__Dataset records__.
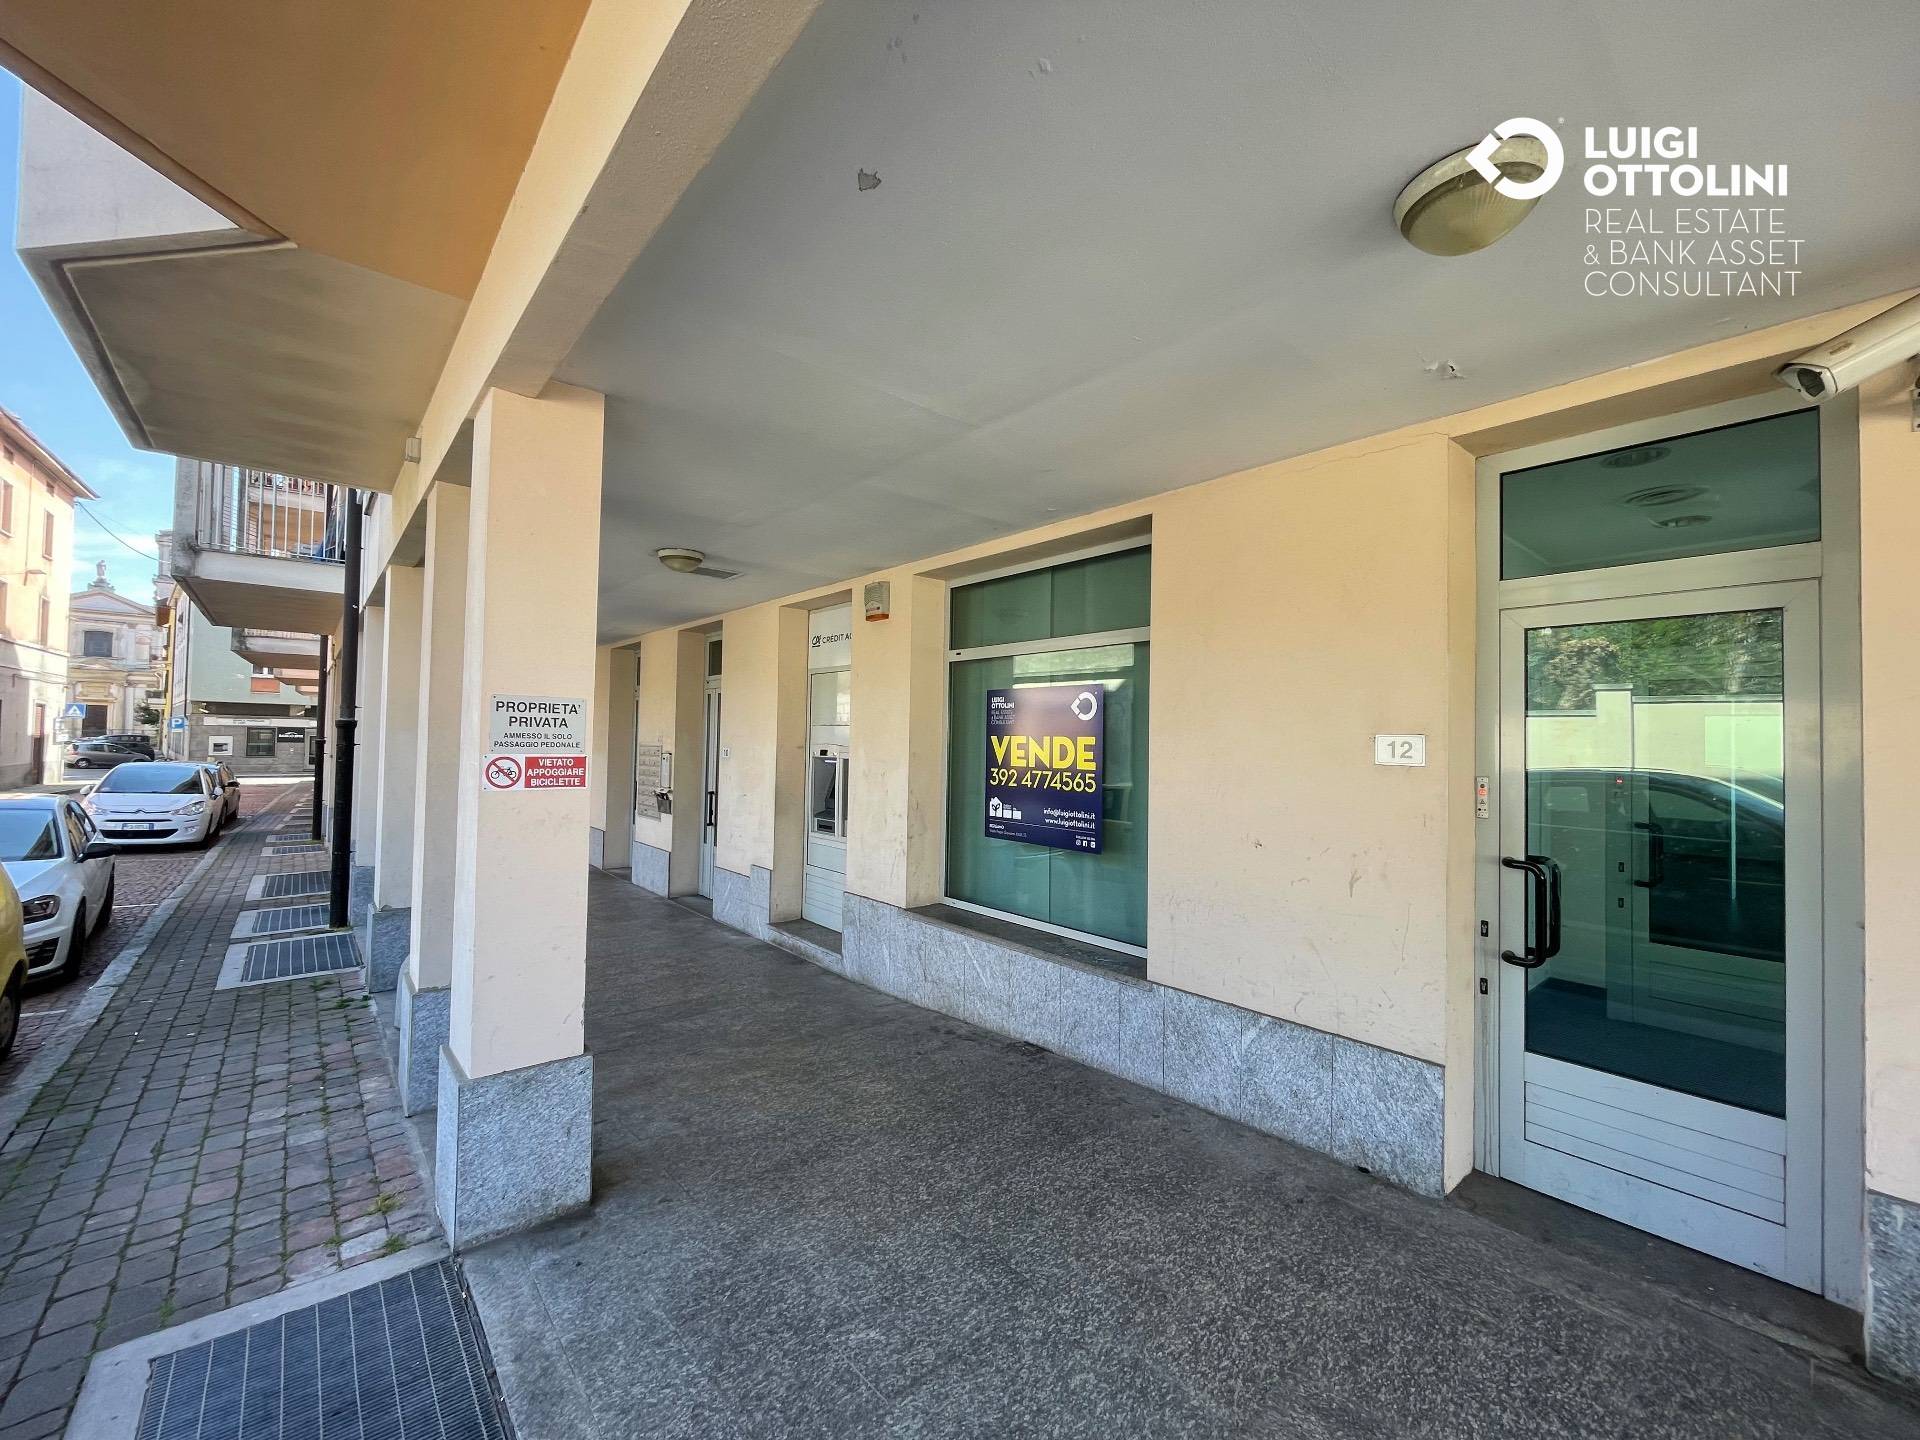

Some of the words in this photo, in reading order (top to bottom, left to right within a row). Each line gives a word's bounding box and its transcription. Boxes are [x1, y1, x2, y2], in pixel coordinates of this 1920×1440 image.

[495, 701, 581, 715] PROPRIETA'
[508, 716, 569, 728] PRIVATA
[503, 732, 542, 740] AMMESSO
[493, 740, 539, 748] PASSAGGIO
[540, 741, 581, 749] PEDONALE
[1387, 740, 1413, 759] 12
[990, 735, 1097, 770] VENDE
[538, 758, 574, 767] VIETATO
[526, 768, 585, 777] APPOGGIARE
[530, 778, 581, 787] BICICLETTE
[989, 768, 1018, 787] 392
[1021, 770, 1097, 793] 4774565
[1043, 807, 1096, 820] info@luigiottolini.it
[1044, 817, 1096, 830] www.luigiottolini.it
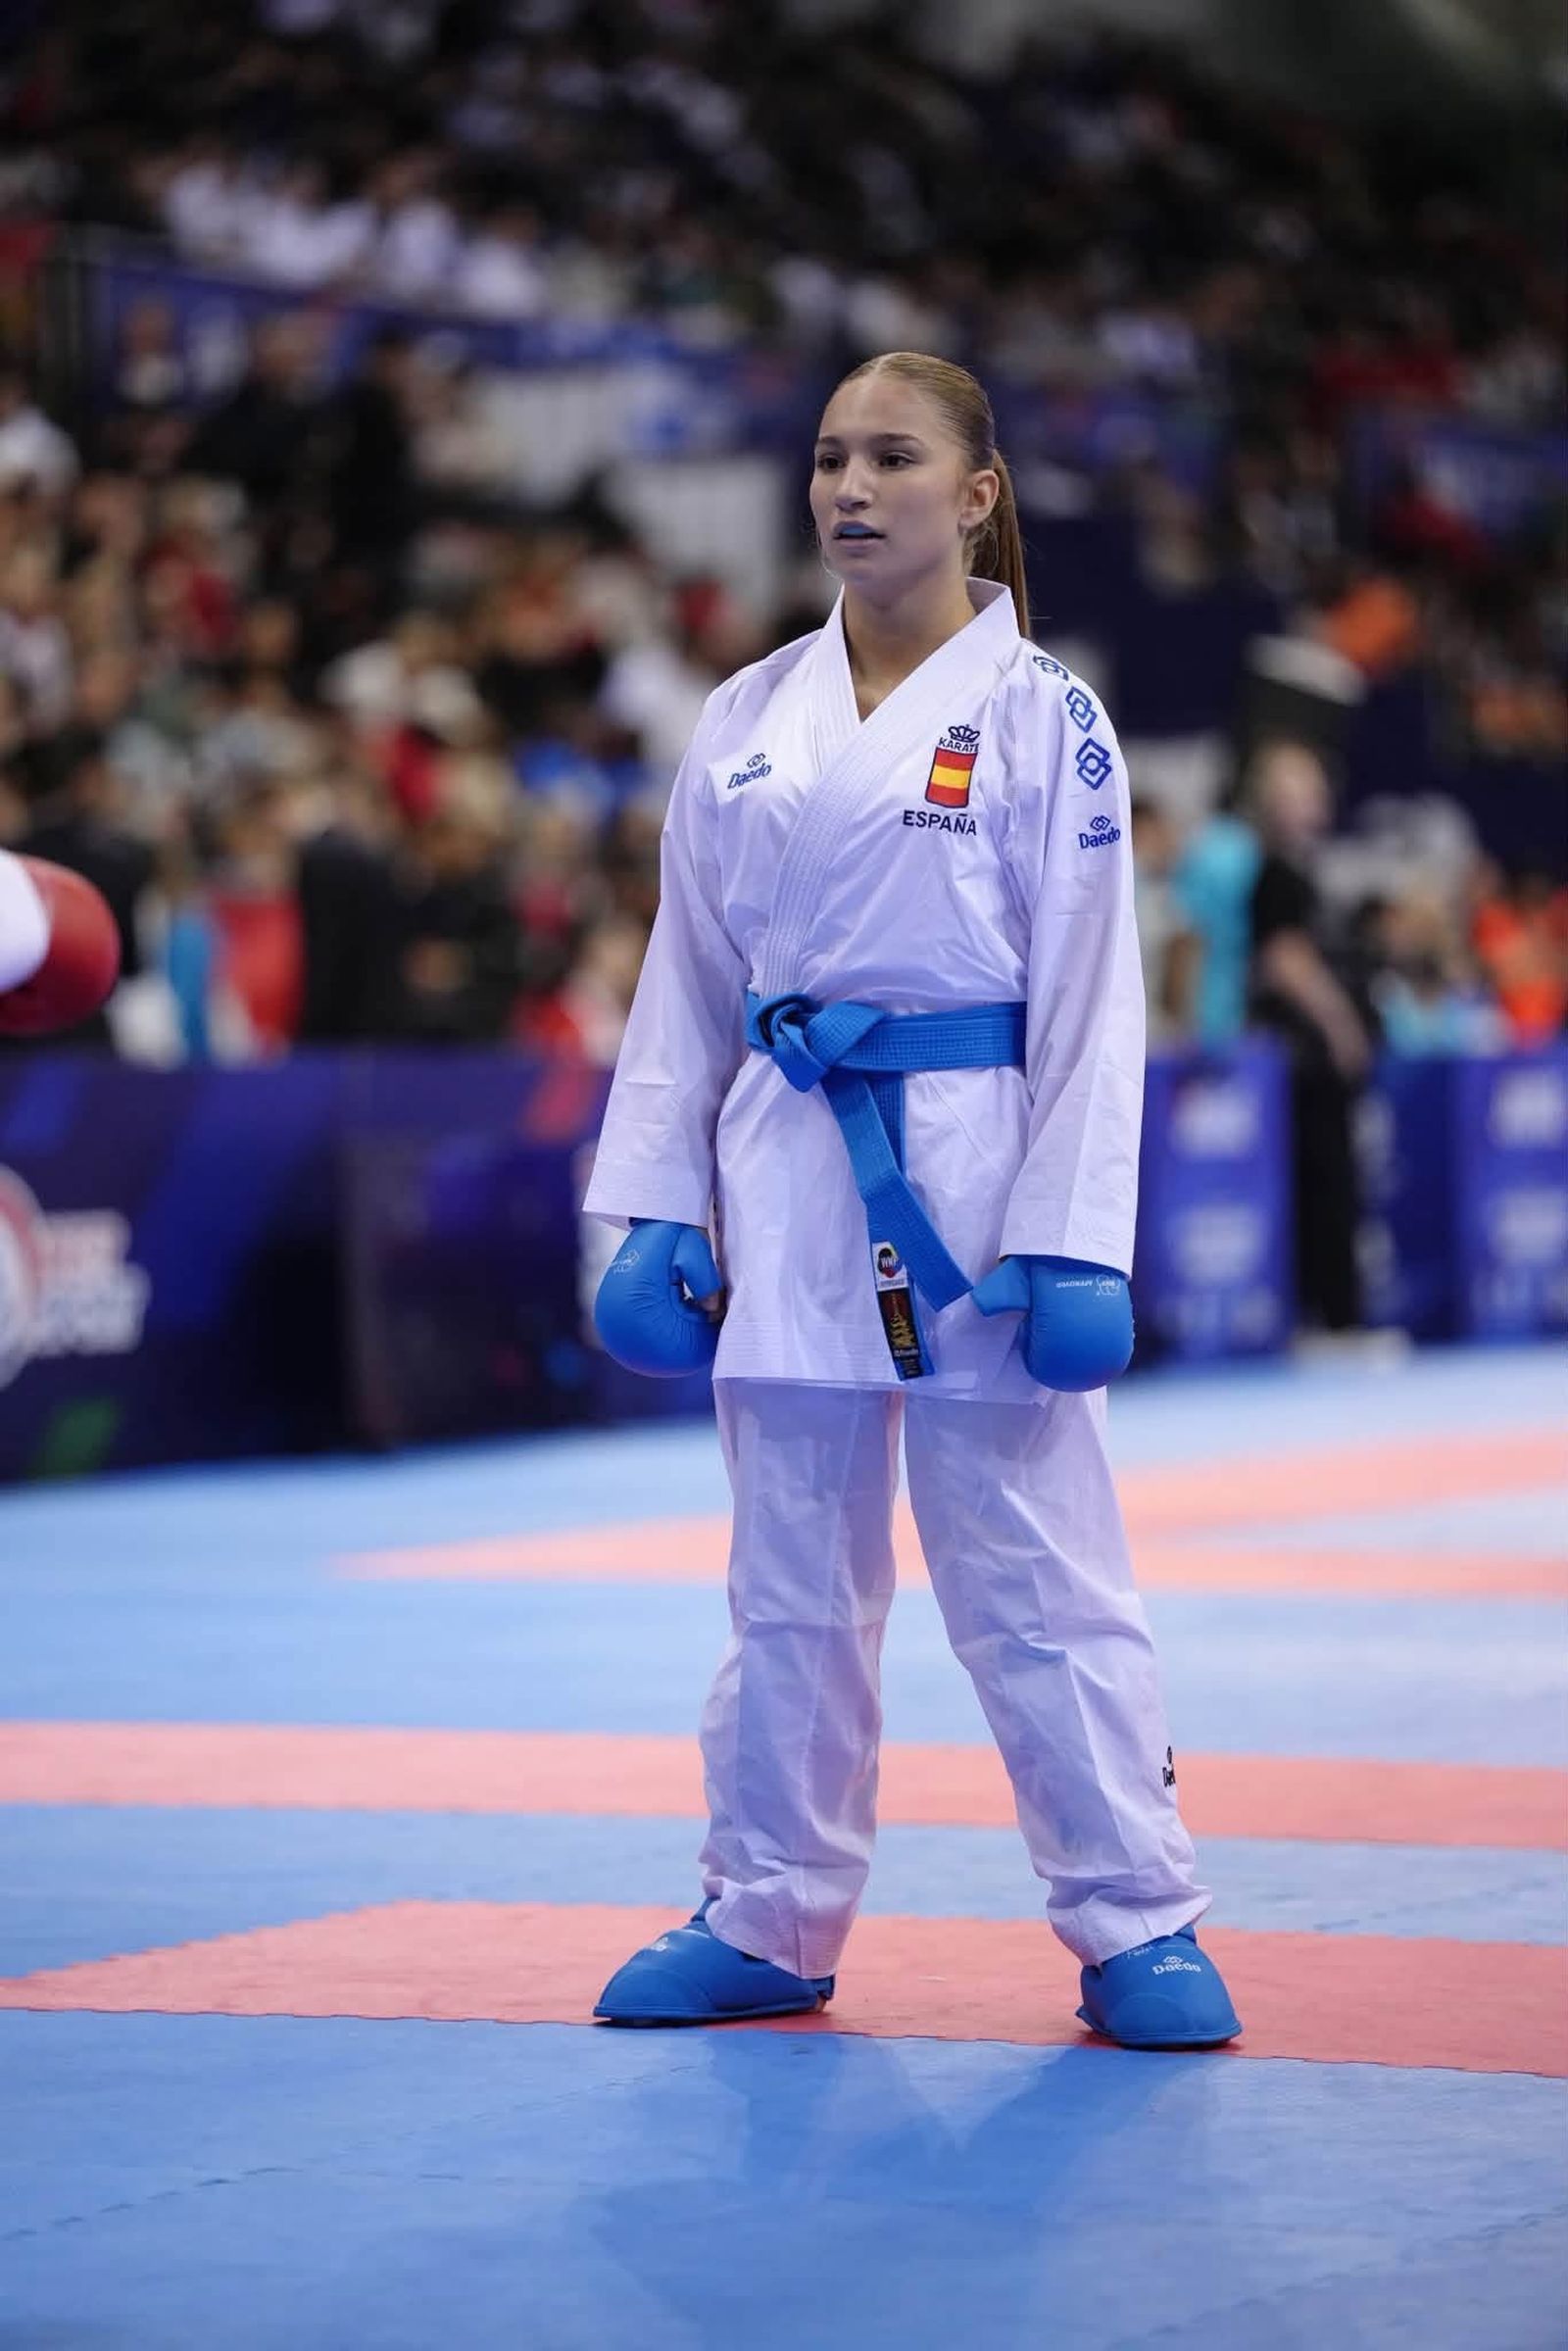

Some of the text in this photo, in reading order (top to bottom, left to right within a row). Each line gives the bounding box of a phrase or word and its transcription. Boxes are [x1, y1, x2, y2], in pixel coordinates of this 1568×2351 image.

__What is needed__.
Output each line of the records exactly. Any picture is skipped.

__Written response__.
Some of the words in this photo, in reading order (top to bottom, left to right within a row). Each line gives a word's bounding box and its transcription. Boxes are [x1, y1, x2, y2], in pixel coordinates of this 1920×1440 image.

[495, 701, 581, 715] PROPRIETA'
[508, 716, 569, 728] PRIVATA
[503, 732, 542, 740] AMMESSO
[493, 740, 539, 748] PASSAGGIO
[540, 741, 581, 749] PEDONALE
[1387, 740, 1413, 759] 12
[990, 735, 1097, 770] VENDE
[538, 758, 574, 767] VIETATO
[526, 768, 585, 777] APPOGGIARE
[530, 778, 581, 787] BICICLETTE
[989, 768, 1018, 787] 392
[1021, 770, 1097, 793] 4774565
[1043, 807, 1096, 820] info@luigiottolini.it
[1044, 817, 1096, 830] www.luigiottolini.it

Some of the text in this photo, in reading order (top to bottom, left to right within a row). Each line gives the bounding box of a phrase or word and its transcription. Boxes are [x1, y1, x2, y2], in pixel coordinates of this 1568×2351 image.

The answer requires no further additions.